■ What the exercise asks
Your answer must be a word-for-word copy of the data.
....
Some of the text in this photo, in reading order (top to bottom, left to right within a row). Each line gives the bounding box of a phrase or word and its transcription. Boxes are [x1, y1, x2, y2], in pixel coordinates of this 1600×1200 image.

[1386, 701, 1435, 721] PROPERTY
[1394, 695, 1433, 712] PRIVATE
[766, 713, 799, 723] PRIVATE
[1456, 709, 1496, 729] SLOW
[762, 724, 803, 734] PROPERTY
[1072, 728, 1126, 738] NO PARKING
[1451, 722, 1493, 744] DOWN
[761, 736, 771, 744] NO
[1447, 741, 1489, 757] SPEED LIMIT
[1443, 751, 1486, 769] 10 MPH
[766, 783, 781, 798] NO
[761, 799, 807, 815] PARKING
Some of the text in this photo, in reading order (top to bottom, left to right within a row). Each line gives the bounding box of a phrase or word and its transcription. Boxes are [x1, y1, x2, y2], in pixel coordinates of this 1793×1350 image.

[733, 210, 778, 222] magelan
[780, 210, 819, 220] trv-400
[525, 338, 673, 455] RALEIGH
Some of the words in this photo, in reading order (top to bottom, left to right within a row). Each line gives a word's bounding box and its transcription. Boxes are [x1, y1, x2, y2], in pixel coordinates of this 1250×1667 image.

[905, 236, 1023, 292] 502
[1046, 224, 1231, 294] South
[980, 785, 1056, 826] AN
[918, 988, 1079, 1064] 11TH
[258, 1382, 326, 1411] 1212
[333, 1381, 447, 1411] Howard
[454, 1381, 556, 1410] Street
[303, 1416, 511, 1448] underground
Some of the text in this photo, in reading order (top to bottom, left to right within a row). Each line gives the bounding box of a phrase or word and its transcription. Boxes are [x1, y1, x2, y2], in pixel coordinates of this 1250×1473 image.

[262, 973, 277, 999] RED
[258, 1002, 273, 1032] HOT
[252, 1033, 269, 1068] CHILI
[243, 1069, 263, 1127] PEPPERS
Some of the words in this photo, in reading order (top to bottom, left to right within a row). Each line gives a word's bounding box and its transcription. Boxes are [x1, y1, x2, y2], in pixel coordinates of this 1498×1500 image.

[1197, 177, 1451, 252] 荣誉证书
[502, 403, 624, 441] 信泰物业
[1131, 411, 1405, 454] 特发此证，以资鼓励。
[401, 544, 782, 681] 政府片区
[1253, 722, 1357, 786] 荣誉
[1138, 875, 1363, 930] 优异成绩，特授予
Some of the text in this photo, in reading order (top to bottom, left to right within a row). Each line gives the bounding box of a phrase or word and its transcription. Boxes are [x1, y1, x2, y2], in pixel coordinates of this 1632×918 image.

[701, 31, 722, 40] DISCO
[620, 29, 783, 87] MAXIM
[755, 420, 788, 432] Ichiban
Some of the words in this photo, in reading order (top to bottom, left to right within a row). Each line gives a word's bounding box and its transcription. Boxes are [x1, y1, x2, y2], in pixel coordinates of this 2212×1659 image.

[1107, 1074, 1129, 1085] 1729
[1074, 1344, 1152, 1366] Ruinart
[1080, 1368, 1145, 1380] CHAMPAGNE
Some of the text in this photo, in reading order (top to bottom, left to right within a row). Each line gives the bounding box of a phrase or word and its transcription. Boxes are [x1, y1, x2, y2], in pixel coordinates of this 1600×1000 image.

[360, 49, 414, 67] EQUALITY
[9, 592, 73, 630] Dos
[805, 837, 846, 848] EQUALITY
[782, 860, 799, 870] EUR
....
■ Task answer
Some of the text in this photo, in reading order (top to bottom, left to right within a row). Each line gives the bounding box of a phrase or word and its transcription. Boxes are [x1, y1, x2, y2], in pixel coordinates of this 1600×1200 image.

[1386, 701, 1435, 721] PROPERTY
[1394, 695, 1433, 712] PRIVATE
[766, 713, 799, 723] PRIVATE
[1456, 709, 1496, 729] SLOW
[762, 724, 803, 734] PROPERTY
[1072, 728, 1126, 738] NO PARKING
[1451, 722, 1493, 744] DOWN
[761, 736, 771, 744] NO
[1447, 741, 1489, 757] SPEED LIMIT
[1443, 751, 1486, 769] 10 MPH
[766, 783, 781, 798] NO
[761, 799, 807, 815] PARKING
Some of the text in this photo, in reading order (top to bottom, left to right within a row). Each line gives the bounding box of a phrase or word and its transcription. Boxes are [x1, y1, x2, y2], in pixel coordinates of this 1793×1350 image.

[733, 210, 778, 222] magelan
[780, 210, 819, 220] trv-400
[525, 338, 673, 455] RALEIGH
Some of the words in this photo, in reading order (top to bottom, left to right within a row). Each line gives a word's bounding box and its transcription. Boxes are [x1, y1, x2, y2], in pixel coordinates of this 1250×1667 image.

[905, 236, 1023, 292] 502
[1046, 224, 1231, 294] South
[980, 785, 1056, 826] AN
[918, 988, 1079, 1064] 11TH
[258, 1382, 326, 1411] 1212
[333, 1381, 447, 1411] Howard
[454, 1381, 556, 1410] Street
[303, 1416, 511, 1448] underground
Some of the text in this photo, in reading order (top to bottom, left to right within a row). Each line gives the bounding box of a phrase or word and its transcription. Boxes are [x1, y1, x2, y2], in pixel coordinates of this 1250×1473 image.

[262, 973, 277, 999] RED
[258, 1002, 273, 1032] HOT
[252, 1033, 269, 1068] CHILI
[243, 1069, 263, 1127] PEPPERS
Some of the words in this photo, in reading order (top to bottom, left to right within a row). Each line gives a word's bounding box and its transcription. Boxes are [x1, y1, x2, y2], in pixel coordinates of this 1498×1500 image.

[1197, 177, 1451, 252] 荣誉证书
[502, 403, 624, 441] 信泰物业
[1131, 411, 1405, 454] 特发此证，以资鼓励。
[401, 544, 782, 681] 政府片区
[1253, 722, 1357, 786] 荣誉
[1138, 875, 1363, 930] 优异成绩，特授予
Some of the text in this photo, in reading order (top to bottom, left to right within a row). Each line gives the bounding box of a phrase or word and its transcription. Boxes are [x1, y1, x2, y2], in pixel coordinates of this 1632×918 image.

[701, 31, 722, 40] DISCO
[620, 29, 783, 87] MAXIM
[755, 420, 788, 432] Ichiban
Some of the words in this photo, in reading order (top to bottom, left to right within a row). Each line gives a word's bounding box and its transcription. Boxes are [x1, y1, x2, y2], in pixel coordinates of this 2212×1659 image.

[1107, 1074, 1129, 1085] 1729
[1074, 1344, 1152, 1366] Ruinart
[1080, 1368, 1145, 1380] CHAMPAGNE
Some of the text in this photo, in reading order (top to bottom, left to right within a row). Each line gives the bounding box of a phrase or word and its transcription. Boxes are [x1, y1, x2, y2], in pixel coordinates of this 1600×1000 image.

[360, 49, 414, 67] EQUALITY
[9, 592, 73, 630] Dos
[805, 837, 846, 848] EQUALITY
[782, 860, 799, 870] EUR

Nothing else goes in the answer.